- _Instructions to follow_: Your answer should hold exactly the lines from the one with "this 1600×900 image." through the last line of the material below, nothing before and nothing extra.

- _Data extracts_:
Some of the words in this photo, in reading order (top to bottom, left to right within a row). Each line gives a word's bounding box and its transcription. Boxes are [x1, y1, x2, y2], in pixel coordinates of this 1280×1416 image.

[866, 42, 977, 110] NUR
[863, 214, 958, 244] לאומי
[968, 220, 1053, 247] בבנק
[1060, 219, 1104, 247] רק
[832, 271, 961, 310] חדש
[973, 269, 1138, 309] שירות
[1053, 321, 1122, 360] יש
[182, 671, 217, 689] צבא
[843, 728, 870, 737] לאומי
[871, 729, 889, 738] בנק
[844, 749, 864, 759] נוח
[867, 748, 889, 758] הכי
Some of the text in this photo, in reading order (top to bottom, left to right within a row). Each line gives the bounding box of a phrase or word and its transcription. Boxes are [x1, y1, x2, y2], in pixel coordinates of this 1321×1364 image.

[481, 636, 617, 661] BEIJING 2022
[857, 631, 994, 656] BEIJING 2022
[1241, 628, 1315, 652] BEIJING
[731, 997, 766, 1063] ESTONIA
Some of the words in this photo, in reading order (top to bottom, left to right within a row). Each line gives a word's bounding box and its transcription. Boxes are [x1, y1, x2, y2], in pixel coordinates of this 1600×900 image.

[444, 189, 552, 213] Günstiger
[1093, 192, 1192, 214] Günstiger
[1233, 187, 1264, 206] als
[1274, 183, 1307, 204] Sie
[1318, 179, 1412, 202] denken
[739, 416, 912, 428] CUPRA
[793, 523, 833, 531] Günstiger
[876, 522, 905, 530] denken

- _Result for this exercise_:
Some of the words in this photo, in reading order (top to bottom, left to right within a row). Each line gives a word's bounding box and its transcription. Boxes are [x1, y1, x2, y2], in pixel coordinates of this 1600×900 image.

[444, 189, 552, 213] Günstiger
[1093, 192, 1192, 214] Günstiger
[1233, 187, 1264, 206] als
[1274, 183, 1307, 204] Sie
[1318, 179, 1412, 202] denken
[739, 416, 912, 428] CUPRA
[793, 523, 833, 531] Günstiger
[876, 522, 905, 530] denken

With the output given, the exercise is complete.